Bupati Mentawai Yudas Sabaggalet saat menyerahkan 4 Perbup kepada masyarakat adat Mentawai di Tuapeijat |
“Maksud kita adalah, bagaimana proses pemberdayaan masyarakat itu berjalan berdasarkan Uma, ini adalah Uma atau komunitas masyakat, jadi ini bukan rumah, beda dia, karena ini komunitas maka akan terjadi interaksi dunia luar, akan terjadi proses kehidupan mereka disitu secara sosial,” kata Yudas, Senin, (30/9) saat ditanya media.

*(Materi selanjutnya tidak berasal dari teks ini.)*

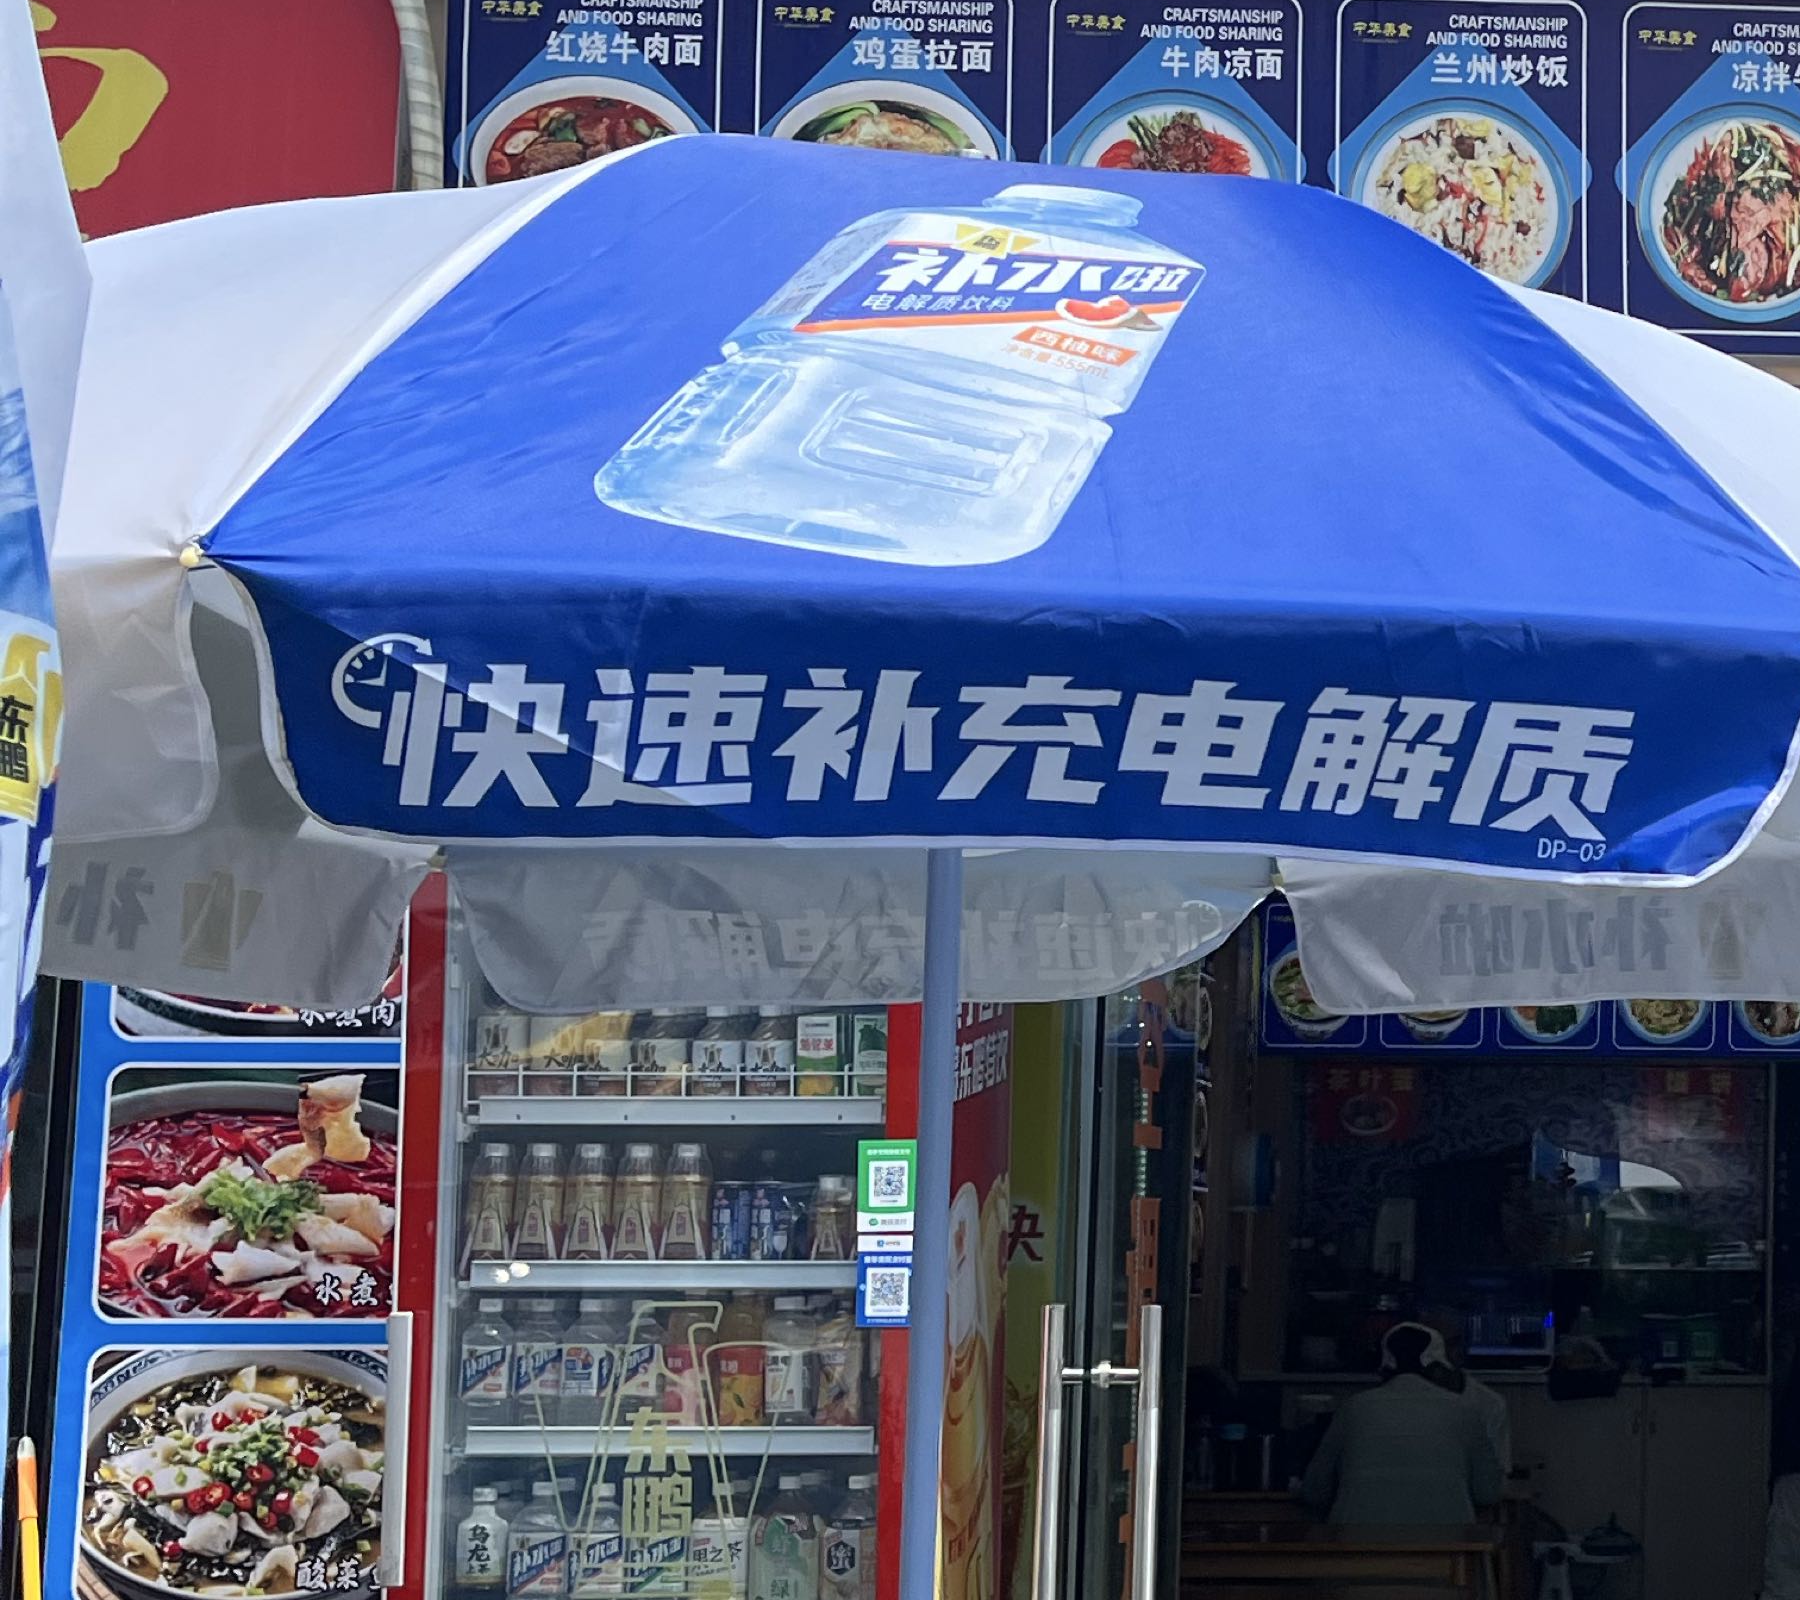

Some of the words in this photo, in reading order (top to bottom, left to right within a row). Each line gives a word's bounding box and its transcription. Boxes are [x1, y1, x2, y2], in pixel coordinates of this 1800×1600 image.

[557, 9, 590, 25] AND
[593, 10, 634, 26] FOOD
[636, 11, 703, 28] SHARING
[849, 16, 882, 31] AND
[884, 17, 926, 33] FOOD
[928, 18, 994, 35] SHARING
[1163, 7, 1285, 25] CRAFTSMANSHIP
[1449, 14, 1569, 32] CRAFTSMANSHIP
[545, 30, 704, 67] 红烧牛肉面
[1140, 24, 1173, 39] AND
[1175, 25, 1216, 41] FOOD
[1218, 26, 1284, 42] SHARING
[1426, 31, 1458, 46] AND
[1461, 32, 1502, 48] FOOD
[1504, 33, 1568, 50] SHARING
[1711, 39, 1743, 54] AND
[1746, 40, 1785, 56] FOOD
[851, 37, 994, 73] 鸡蛋拉面
[1160, 46, 1285, 82] 牛肉凉面
[1429, 52, 1570, 89] 兰州炒饭
[877, 248, 1191, 294] 补水啦
[861, 292, 1016, 312] 电解质饮料
[382, 662, 1636, 842] 快速补充电解质
[1536, 836, 1607, 864] DP-03
[315, 1270, 393, 1307] 水煮
[624, 1405, 693, 1539] 东鹏
[467, 1523, 491, 1563] 乌龙

Selanjutnya untuk memudahkan hal ini akan diatur oleh Rimata Uma, atau perkumpulan Uma, Yudas menyebutkan penyerahan usulan keempat Uma ini sudah sejak lama, namun baru saat ibu mendapat tanggapan dari Pemerintah.

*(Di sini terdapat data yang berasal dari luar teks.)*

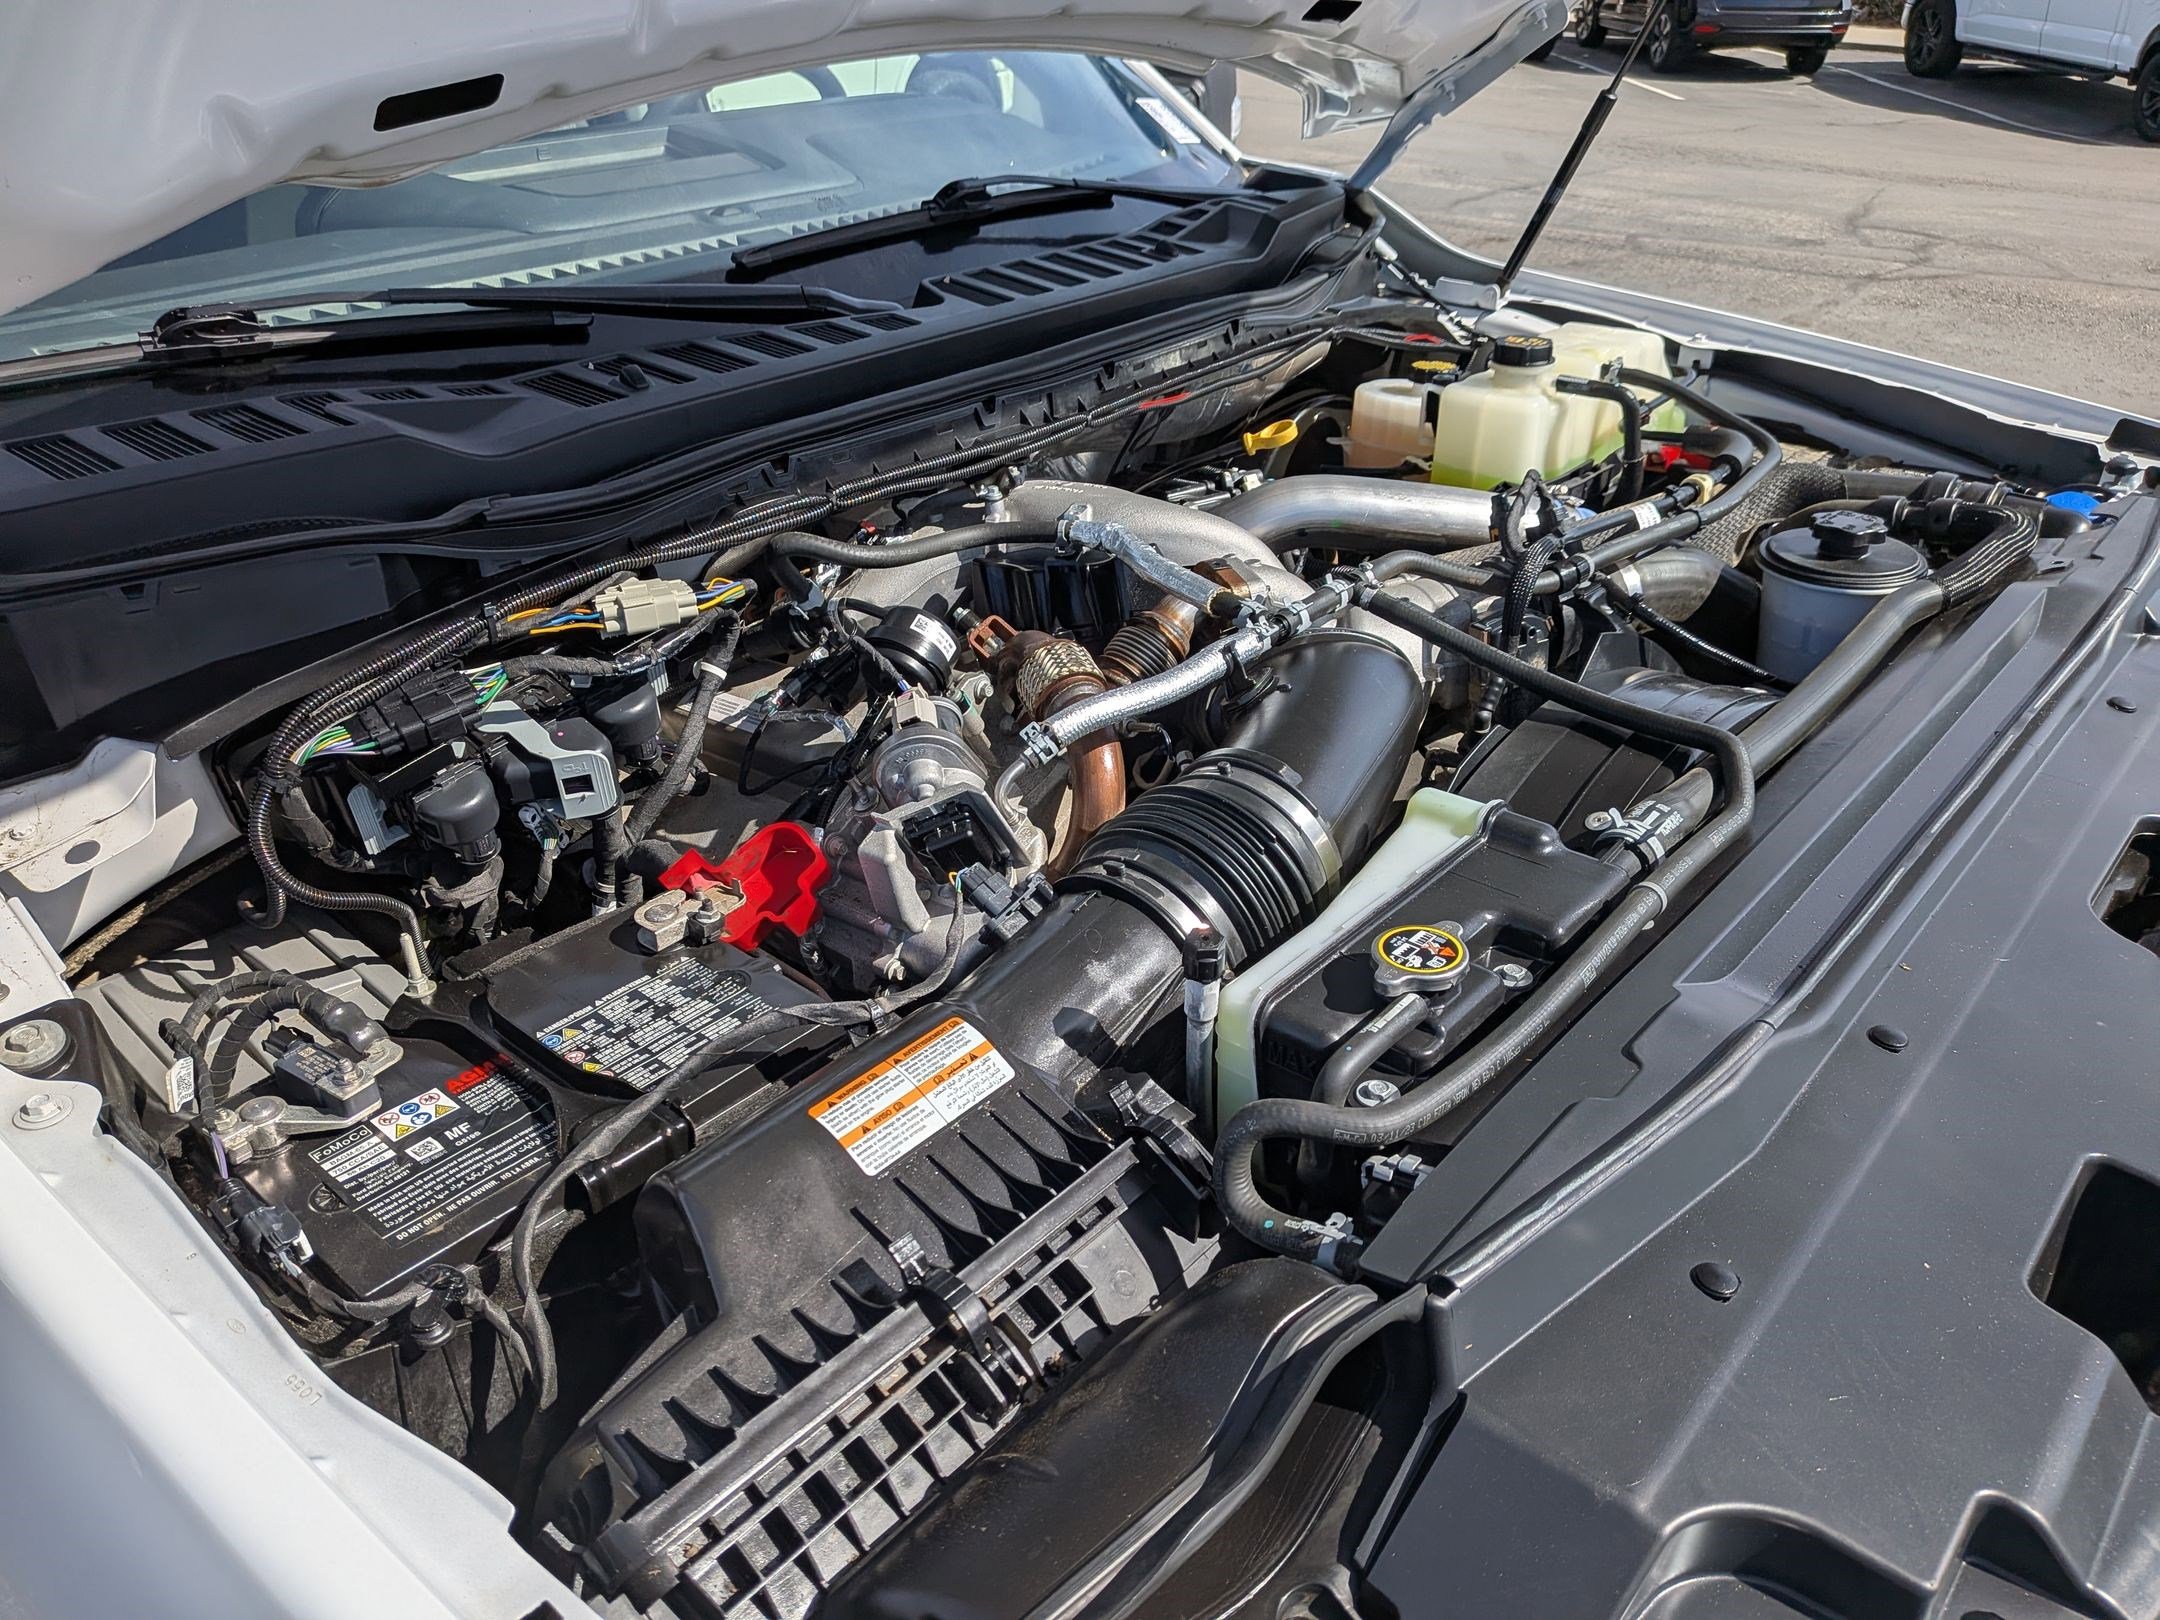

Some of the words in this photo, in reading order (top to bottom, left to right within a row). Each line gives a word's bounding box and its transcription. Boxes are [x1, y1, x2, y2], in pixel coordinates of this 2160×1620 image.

[902, 1025, 948, 1057] AVERTISSEMENT
[835, 1078, 867, 1101] WARNING
[443, 1120, 472, 1141] MF
[871, 1108, 893, 1125] AVISO
[313, 1125, 368, 1161] FoMoCo
[1371, 1121, 1415, 1145] 03/11/23
[332, 1164, 348, 1175] 750
[347, 1143, 384, 1167] CCA/SAE
[343, 1179, 358, 1190] Dist.
[351, 1187, 366, 1197] Ford
[365, 1177, 384, 1189] Motor
[383, 1160, 414, 1180] Company,
[356, 1182, 386, 1202] Dearborn,
[367, 1200, 384, 1212] Made
[389, 1190, 403, 1200] USA
[401, 1183, 414, 1193] with
[413, 1178, 423, 1186] US
[422, 1173, 434, 1181] and
[433, 1159, 458, 1176] imported
[457, 1145, 484, 1163] materials.
[372, 1200, 398, 1218] Fabriqué
[397, 1195, 408, 1203] aux
[435, 1172, 448, 1182] avec
[447, 1166, 459, 1174] des
[395, 1230, 409, 1241] DO
[407, 1222, 423, 1234] NOT
[422, 1209, 445, 1226] OPEN.
[445, 1202, 458, 1212] NE
[456, 1194, 472, 1206] PAS
[470, 1177, 500, 1198] OUVRIR.
[499, 1171, 512, 1181] NO
[510, 1165, 521, 1175] LA
[520, 1154, 542, 1169] ABRA.

“Ini agak lama karena butuh proses, kita selidiki dulu, dan sebagainya,’ ungkap Yudas
Selain itu itu, saat ini masih ada 9 usulan lagi yang belum di akui, karena kata Yudas mesti perlu proses untuk pengakuan Uma.
“Hari ini kita serahkan Perbup nya, karena dulu memang sudah ada Peraturan daerahnya (Perda), setelah diproses Perda, setelah ada Perda, kemudian diproses lagi oleh Dewan setelah itu diminta persetujuan, lalu Bupati memproses, sehingga muncul Perbub, namun tidak berhenti sampai disini, masih banyak proses lainnya yang kita lakukan, sehingga tertata Uma ini,” kata Yudas.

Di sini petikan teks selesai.